> [Stored items from a collection]
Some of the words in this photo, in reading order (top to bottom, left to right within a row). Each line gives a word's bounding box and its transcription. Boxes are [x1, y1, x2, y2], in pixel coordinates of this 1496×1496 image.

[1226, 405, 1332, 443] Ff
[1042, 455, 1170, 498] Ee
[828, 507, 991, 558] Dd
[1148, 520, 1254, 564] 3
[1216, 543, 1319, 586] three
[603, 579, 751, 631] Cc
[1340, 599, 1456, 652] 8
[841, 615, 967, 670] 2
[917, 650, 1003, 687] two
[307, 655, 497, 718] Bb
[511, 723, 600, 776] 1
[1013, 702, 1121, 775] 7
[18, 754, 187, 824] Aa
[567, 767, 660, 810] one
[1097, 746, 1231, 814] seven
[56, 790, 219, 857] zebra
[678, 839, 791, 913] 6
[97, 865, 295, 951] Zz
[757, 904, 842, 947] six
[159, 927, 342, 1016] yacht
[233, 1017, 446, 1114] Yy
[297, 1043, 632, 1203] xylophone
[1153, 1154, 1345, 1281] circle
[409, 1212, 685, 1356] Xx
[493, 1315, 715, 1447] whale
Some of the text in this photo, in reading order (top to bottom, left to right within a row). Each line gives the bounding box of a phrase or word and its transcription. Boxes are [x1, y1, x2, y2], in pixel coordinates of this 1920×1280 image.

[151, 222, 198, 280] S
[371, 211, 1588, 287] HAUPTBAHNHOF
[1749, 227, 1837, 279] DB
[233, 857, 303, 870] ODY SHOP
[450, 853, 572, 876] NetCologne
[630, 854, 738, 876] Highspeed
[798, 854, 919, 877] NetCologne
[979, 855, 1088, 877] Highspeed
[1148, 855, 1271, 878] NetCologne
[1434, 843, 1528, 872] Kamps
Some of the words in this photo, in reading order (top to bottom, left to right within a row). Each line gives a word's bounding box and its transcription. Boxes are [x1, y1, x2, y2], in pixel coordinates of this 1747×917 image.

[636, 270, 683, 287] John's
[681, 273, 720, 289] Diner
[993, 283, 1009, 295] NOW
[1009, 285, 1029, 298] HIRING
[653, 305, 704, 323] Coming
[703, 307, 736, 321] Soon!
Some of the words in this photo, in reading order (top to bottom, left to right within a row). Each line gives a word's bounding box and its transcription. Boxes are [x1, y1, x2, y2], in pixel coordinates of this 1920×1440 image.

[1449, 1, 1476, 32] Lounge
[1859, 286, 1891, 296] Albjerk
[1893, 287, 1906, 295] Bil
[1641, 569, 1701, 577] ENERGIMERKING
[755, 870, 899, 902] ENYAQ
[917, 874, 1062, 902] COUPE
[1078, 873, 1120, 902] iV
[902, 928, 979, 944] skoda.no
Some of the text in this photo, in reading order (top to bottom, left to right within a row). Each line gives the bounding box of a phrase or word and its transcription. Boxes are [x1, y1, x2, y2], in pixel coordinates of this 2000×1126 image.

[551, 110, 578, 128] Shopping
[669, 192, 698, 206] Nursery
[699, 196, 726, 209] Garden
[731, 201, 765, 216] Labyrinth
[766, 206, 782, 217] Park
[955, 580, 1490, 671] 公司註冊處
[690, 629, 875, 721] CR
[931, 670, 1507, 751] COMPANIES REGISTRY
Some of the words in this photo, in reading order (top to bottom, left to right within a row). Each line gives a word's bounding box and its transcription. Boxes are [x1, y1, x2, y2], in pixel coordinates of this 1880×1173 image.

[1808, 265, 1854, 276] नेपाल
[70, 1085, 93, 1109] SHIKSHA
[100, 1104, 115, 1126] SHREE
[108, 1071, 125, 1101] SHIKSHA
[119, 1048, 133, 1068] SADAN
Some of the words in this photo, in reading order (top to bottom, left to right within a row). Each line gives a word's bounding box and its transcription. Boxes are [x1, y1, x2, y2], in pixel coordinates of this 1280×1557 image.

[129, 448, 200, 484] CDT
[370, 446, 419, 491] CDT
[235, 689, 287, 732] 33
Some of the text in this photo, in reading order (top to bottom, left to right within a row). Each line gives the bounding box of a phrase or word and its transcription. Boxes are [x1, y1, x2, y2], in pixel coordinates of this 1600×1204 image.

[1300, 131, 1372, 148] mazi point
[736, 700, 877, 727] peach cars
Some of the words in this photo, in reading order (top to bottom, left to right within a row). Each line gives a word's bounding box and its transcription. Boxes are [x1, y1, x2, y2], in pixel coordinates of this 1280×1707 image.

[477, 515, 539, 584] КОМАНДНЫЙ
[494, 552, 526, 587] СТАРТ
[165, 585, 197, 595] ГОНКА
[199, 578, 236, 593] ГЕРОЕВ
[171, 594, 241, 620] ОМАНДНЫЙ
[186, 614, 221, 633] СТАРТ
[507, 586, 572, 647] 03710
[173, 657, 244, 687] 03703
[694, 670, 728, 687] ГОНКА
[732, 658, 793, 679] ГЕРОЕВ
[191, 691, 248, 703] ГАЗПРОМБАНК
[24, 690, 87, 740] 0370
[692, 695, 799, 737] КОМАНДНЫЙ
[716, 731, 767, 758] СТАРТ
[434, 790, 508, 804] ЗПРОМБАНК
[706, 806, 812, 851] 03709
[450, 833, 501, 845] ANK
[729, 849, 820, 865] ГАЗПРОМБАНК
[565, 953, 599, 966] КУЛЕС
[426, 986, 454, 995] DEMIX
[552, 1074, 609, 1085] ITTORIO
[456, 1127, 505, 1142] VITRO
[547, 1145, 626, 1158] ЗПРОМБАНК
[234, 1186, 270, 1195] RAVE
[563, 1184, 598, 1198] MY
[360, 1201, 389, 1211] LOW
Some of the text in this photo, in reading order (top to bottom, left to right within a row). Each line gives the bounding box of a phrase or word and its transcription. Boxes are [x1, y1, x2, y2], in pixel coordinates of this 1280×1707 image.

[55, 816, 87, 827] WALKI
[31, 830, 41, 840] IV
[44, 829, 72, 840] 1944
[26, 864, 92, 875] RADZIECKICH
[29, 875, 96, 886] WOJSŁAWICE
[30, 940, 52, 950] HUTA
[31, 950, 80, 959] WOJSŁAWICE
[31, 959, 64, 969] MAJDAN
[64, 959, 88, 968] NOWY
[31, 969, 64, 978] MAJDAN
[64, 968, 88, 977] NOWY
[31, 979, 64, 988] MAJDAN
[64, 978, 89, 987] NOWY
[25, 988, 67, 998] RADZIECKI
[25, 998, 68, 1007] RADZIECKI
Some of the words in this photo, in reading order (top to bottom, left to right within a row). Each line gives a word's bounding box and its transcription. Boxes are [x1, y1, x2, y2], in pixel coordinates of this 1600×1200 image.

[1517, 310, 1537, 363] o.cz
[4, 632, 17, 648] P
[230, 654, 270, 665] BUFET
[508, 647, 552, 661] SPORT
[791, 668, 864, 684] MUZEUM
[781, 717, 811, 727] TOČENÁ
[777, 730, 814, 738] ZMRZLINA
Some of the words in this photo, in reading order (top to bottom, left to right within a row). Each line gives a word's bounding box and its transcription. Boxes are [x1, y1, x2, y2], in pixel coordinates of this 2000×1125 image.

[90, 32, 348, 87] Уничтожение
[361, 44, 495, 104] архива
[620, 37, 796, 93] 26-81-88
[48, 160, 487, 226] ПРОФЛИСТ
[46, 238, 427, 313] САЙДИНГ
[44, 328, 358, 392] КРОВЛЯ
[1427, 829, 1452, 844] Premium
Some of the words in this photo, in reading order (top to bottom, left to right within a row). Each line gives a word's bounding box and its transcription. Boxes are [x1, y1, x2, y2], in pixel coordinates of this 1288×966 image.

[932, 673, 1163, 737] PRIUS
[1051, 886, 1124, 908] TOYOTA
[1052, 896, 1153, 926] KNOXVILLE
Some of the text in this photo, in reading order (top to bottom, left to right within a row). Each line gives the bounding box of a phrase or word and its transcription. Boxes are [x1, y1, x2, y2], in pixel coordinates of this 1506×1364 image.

> [Exercise prompt]
All lines from the one with "this 1288×966 image." through the final line above are to be quoted exactly; quote no other line.

> [Answer box]
Some of the words in this photo, in reading order (top to bottom, left to right within a row). Each line gives a word's bounding box and its transcription. Boxes are [x1, y1, x2, y2], in pixel coordinates of this 1288×966 image.

[932, 673, 1163, 737] PRIUS
[1051, 886, 1124, 908] TOYOTA
[1052, 896, 1153, 926] KNOXVILLE
Some of the text in this photo, in reading order (top to bottom, left to right within a row). Each line gives the bounding box of a phrase or word and its transcription. Boxes are [x1, y1, x2, y2], in pixel coordinates of this 1506×1364 image.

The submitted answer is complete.